• _Work instructions_
Go through the listing below, and from the line containing "Some of the words" through its last line, transcribe every line exactly, skipping pictures.

━━━━━ Provided data

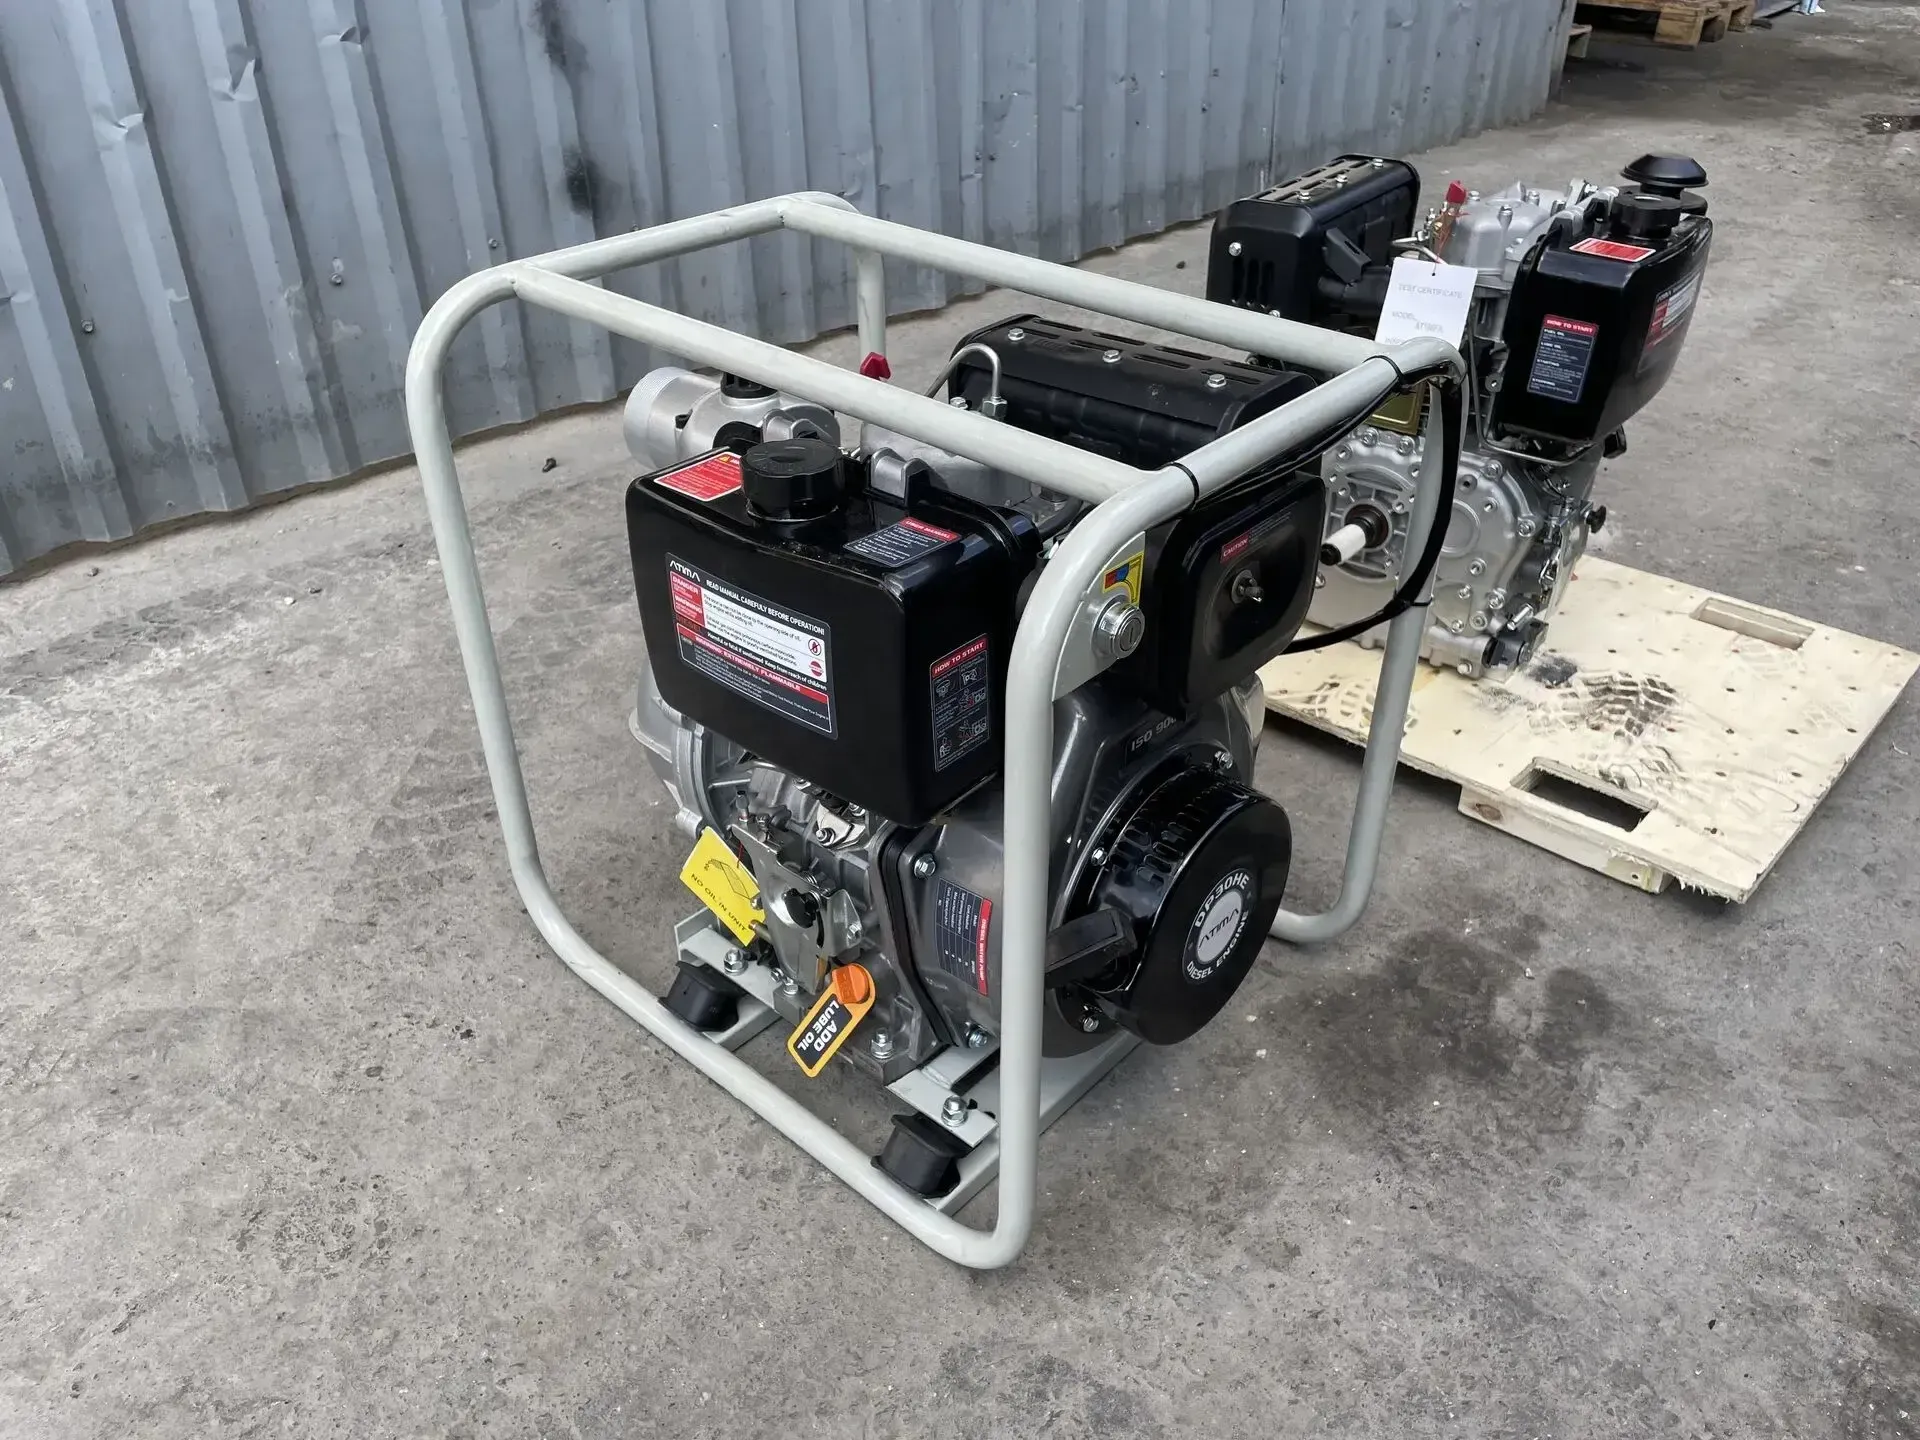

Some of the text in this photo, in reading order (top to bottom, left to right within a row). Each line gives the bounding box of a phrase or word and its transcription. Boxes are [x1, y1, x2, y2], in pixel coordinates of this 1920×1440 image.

[1572, 324, 1593, 333] START
[923, 527, 951, 539] MANUAL
[1223, 538, 1248, 557] CAUTION
[672, 576, 699, 595] DANGER
[706, 579, 719, 591] READ
[719, 586, 741, 601] MANUAL
[767, 607, 790, 622] BEFORE
[674, 595, 702, 614] WARNING
[723, 650, 761, 673] EXTREMELY
[760, 669, 801, 692] FLAMMABLE
[934, 660, 951, 674] HOW
[951, 655, 961, 664] TO
[962, 641, 984, 658] START
[807, 677, 826, 692] children
[1131, 729, 1153, 751] ISO
[691, 873, 747, 932] NO OIL IN UNIT
[1194, 872, 1250, 928] DP30HE
[979, 918, 988, 941] DIESEL
[1198, 908, 1239, 949] ATIMA
[1186, 910, 1249, 980] DIESEL ENGINE
[797, 1000, 840, 1051] LUBE OIL
[813, 1020, 838, 1052] ADD
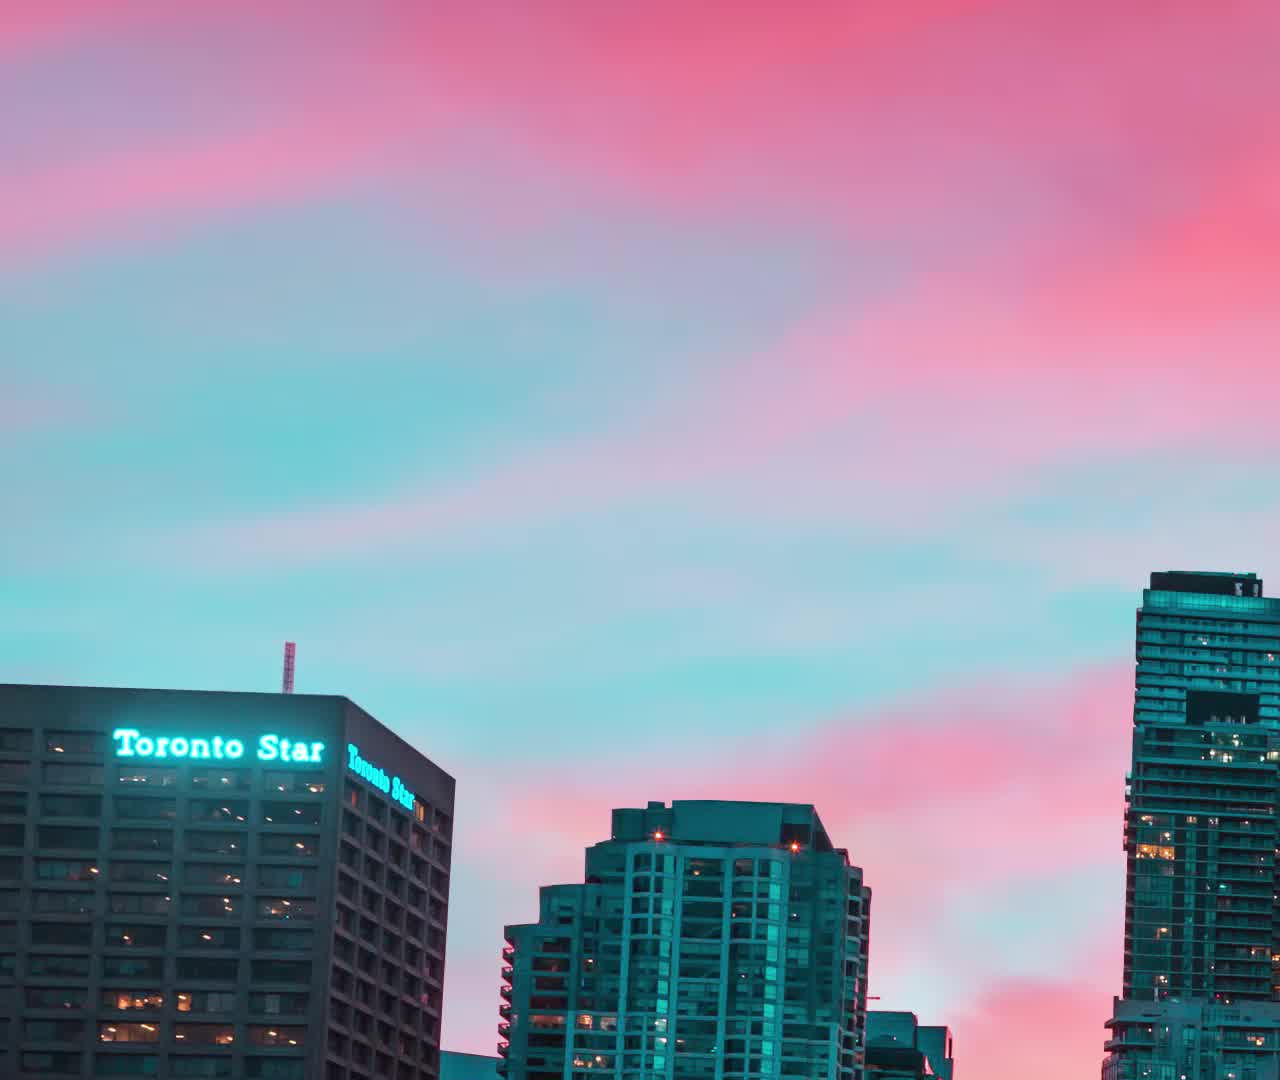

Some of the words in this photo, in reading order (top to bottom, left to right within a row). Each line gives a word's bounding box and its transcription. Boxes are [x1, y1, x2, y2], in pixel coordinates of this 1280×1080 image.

[113, 728, 243, 759] Toronto
[257, 734, 325, 762] Star
[348, 743, 390, 795] Toronto
[391, 777, 416, 811] Star
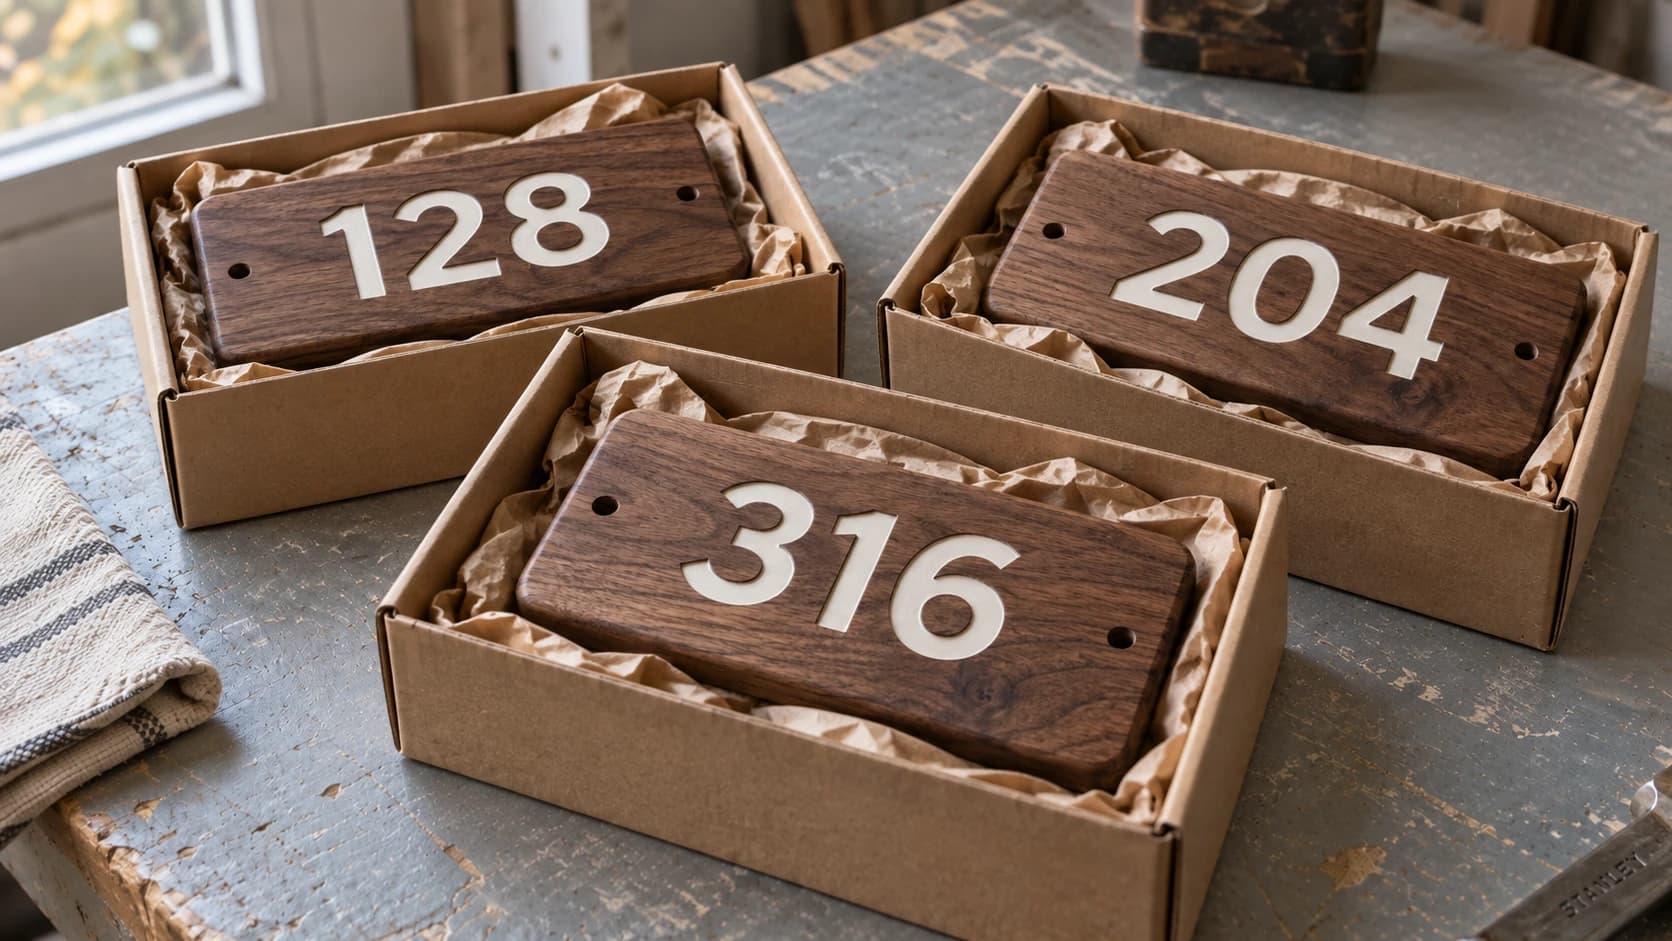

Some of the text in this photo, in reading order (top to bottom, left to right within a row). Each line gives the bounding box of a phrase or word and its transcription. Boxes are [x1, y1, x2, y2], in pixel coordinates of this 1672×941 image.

━━━━━━━━━━

• _Response for this exercise_
Some of the words in this photo, in reading order (top to bottom, left to right within a row). Each line gives a word's bounding box and its transcription. Boxes are [x1, y1, x2, y2], in pixel coordinates of this 1280×1080 image.

[113, 728, 243, 759] Toronto
[257, 734, 325, 762] Star
[348, 743, 390, 795] Toronto
[391, 777, 416, 811] Star

Some of the text in this photo, in reading order (top to bottom, left to right within a row). Each line gives the bounding box of a phrase or word and its transcription. Boxes are [x1, y1, x2, y2], in pixel coordinates of this 1672×941 image.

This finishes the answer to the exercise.